问题
I need to capture change between 2 datasets based on key(s): one historical and another current version of the same dataset (both datasets share same schema). For example for input tables:
-- Table t_hist
-------
id col
-------
1 A
2 B
3 C
4 D
-- Table t_curr
-------
id col
-------
1 a
2 B
4 d
5 E
Expected result (considering id
as comparison key):
-- Table t_change
----------------
id col change
----------------
1 a modified
2 B same
3 C deleted
4 d modified
5 E inserted
A naive approach that I could think of is:
SELECT id, col, change FROM
(
SELECT t_curr.id, t_curr.col,
CASE t_curr.col = t_hist.col
WHEN true THEN 'same'
ELSE 'modified'
END as change
FROM t_curr INNER JOIN t_hist ON t_curr.id = t_hist.id
)
UNION ALL
(
SELECT t_curr.id, t_curr.col, 'inserted' as change
FROM t_curr WHERE id NOT IN (SELECT id FROM t_hist)
)
UNION ALL
(
SELECT t_hist.id, t_hist.col, 'deleted' as change
FROM t_hist WHERE id NOT IN (SELECT id FROM t_curr)
)
But this approach involves multiple table scans (3 times for each dataset). It is also possible that before querying the 2 datasets, user may need to do some transformation / filter on the datasets, say only fetch rows from both sets where id > 2
. In that case this approach would be more in-efficient. I'm looking for an efficient way of achieving the same result.
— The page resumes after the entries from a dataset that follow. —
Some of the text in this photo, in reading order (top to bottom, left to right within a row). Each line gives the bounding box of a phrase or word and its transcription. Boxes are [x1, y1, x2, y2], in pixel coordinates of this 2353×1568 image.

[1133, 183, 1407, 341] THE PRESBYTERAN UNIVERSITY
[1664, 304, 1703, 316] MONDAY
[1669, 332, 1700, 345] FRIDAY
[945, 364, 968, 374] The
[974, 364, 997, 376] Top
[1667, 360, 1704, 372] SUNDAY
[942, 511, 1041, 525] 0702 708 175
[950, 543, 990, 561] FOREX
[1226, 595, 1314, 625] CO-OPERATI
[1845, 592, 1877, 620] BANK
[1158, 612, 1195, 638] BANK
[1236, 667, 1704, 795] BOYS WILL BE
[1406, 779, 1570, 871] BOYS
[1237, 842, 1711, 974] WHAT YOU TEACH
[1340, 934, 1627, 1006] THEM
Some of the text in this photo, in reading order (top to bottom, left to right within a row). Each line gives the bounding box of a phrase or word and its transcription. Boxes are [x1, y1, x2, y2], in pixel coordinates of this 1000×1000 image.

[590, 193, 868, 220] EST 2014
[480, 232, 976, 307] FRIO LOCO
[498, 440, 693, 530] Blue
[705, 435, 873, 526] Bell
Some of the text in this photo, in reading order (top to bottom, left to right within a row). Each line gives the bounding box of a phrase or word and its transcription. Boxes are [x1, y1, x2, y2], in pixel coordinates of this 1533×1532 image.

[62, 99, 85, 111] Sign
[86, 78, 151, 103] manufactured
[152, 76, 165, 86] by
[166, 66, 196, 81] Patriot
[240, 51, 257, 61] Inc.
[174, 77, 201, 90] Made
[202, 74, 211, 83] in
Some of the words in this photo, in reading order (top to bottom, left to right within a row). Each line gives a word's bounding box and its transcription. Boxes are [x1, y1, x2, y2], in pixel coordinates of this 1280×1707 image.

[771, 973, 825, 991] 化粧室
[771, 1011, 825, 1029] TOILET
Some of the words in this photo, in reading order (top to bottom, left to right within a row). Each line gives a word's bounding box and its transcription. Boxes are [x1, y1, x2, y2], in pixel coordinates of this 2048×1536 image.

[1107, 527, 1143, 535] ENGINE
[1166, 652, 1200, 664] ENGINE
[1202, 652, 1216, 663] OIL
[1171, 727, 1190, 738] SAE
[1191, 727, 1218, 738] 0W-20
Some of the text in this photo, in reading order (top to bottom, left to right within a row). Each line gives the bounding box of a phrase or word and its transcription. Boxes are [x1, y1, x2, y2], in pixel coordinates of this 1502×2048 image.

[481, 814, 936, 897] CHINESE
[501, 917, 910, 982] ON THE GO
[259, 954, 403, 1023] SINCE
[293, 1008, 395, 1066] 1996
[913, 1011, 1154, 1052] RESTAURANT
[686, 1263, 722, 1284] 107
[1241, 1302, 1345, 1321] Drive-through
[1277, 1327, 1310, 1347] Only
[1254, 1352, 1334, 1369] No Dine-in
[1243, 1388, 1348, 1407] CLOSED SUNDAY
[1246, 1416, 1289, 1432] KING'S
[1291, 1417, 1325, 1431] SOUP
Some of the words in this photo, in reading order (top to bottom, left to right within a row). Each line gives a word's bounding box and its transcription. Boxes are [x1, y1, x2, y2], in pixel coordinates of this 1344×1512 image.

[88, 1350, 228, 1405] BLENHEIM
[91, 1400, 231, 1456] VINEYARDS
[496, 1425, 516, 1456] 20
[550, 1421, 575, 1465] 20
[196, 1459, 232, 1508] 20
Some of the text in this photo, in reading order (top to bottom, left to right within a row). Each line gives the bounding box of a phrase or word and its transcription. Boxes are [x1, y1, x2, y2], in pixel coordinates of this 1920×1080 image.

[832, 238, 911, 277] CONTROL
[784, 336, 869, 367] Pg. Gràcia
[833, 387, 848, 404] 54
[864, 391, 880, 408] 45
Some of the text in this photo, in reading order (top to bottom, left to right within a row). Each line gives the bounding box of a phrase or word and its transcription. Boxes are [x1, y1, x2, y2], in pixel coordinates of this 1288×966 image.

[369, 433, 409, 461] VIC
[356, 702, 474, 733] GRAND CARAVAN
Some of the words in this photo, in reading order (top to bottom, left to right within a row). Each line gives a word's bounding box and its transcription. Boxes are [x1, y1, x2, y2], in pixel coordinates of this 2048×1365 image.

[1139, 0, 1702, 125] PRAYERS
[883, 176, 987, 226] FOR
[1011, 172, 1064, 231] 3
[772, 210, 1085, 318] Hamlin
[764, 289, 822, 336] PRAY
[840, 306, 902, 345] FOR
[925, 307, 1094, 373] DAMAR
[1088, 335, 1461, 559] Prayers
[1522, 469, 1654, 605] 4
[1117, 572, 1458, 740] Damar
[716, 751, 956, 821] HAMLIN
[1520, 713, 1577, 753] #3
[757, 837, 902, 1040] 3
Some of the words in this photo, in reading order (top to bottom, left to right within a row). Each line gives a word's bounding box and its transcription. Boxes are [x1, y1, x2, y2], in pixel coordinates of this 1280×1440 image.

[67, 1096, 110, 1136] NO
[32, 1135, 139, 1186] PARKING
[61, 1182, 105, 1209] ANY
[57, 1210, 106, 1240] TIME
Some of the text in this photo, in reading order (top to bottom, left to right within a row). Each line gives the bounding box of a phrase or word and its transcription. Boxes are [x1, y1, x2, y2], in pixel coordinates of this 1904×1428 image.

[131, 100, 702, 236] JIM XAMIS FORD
Thanks in advance.
EDIT
It is also possible that any of the dataset would have duplicates like:
-- Table t_curr
-------
id col
-------
1 A
1 B
2 C
-- Table t_hist
-------
id col
-------
1 B
2 C
2 D
-- Table t_change
----------------
id col change
----------------
1 A modified -- change status is 'modified' as first row for matching key is different
1 B inserted
2 C same
2 D deleted
In such case my query would not produce desired output. Thanks @Gordon Linoff for bringing up the scenario.
回答1:
This answers the original version of the question.
You can use full join
-- assuming id
s are unique in each table:
select id,
(case when h.id is null then 'New'
when c.id is null then 'Deleted'
when h.col <> c.col then 'Modified'
else 'Same'
end)
from t_hist h full join
t_curr c
using (id);
Note: This does not take into account NULL
values for the value column(s). That logic can easily be incorporated but adds an additional complication that doesn't seem necessary based on your sample data.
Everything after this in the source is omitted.